I remember that it's a piece of fragile electronics at it's heart, not some mil-spec tank designed to take a .50 calibre bullet and keep running. It's a trade off -- I'd rather have to take care of it than slug around a heavier chassis that might be a little bit more durable.
Just a few days ago, a friend was complaining on Crackbook about how "shitty" Toshiba laptops are. Well, it turns out that her kid had the laptop in her backpack, slipped on the ice, and landed full body weight on the laptop on her back.
There is no machine that will survive such abuse, and I told her that. She doesn't care. She'll "Never buy another Toshiba."

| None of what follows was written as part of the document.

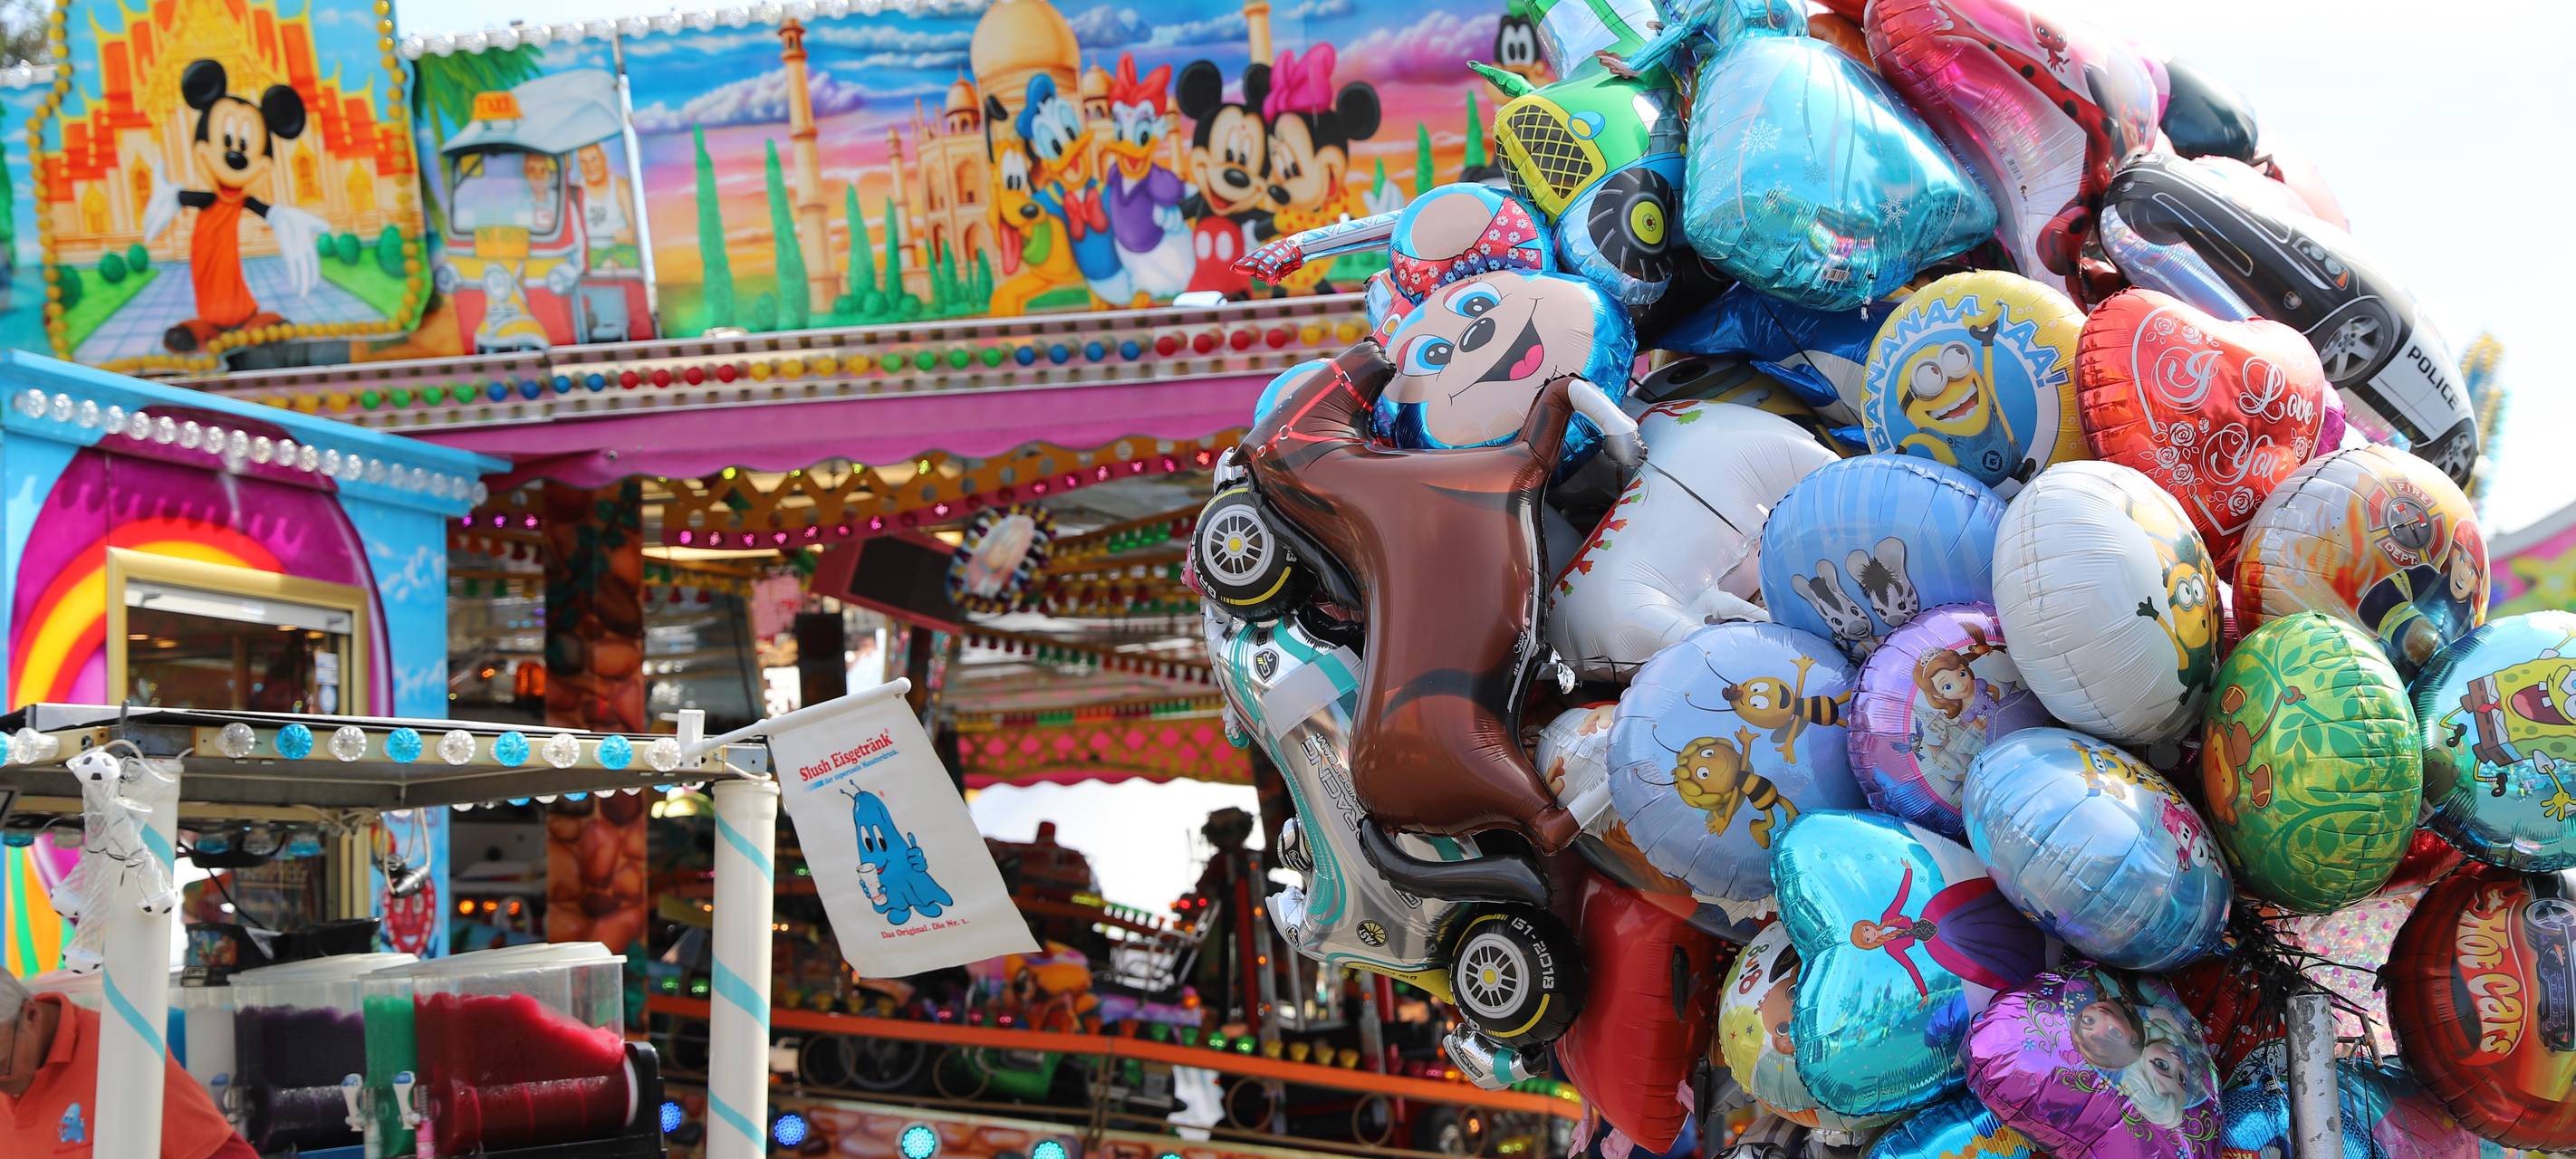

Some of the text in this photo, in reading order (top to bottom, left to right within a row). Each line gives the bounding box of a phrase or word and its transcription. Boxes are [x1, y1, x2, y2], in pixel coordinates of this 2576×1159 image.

I suspect that 90% of the people griping about Lenovo's quality are in the same boat.
I do not fail; I succeed at finding out what does not work.
If it has an x86 chip, it's going. Period. This includes everything from their tower servers, to 1u/2u dual socket servers, to NextScale, to Flex, all the way up to their Xeon EX based servers. For BladeCenter and Flex (where the enclosures can hold both POWER and x86 systems), Lenovo also gets the enclosure, partner relationships, and IBM OEMs the enclosure back for use in selling POWER blades. HMC hardware appliances will be sourced from lenovo.
If you really have your heart set on *IBM*, then you have to get i, p, or z systems now.
Of course, all the people that are actually behind the qualities sought after in IBM hardware go with the sale. History suggests that those people will largely be left intact since that's what happened to the PC business.
Service is a question, since those people were tasked with servicing all the server hardware. That hasn't been perfectly clarified. It sounded most like the intent is that IBM keeps the technicians, but they will be required to service Lenovo as well as IBM equipment (presumably Lenovo ongoing pays something for the privilege). Perhaps someone familiar with Lenovo desktop experience can speak to how that panned out (all of the laptop vendors I deal with now just ship a loaner laptop and I ship it back instead of sending out a technician).
XML is like violence. If it doesn't solve the problem, use more.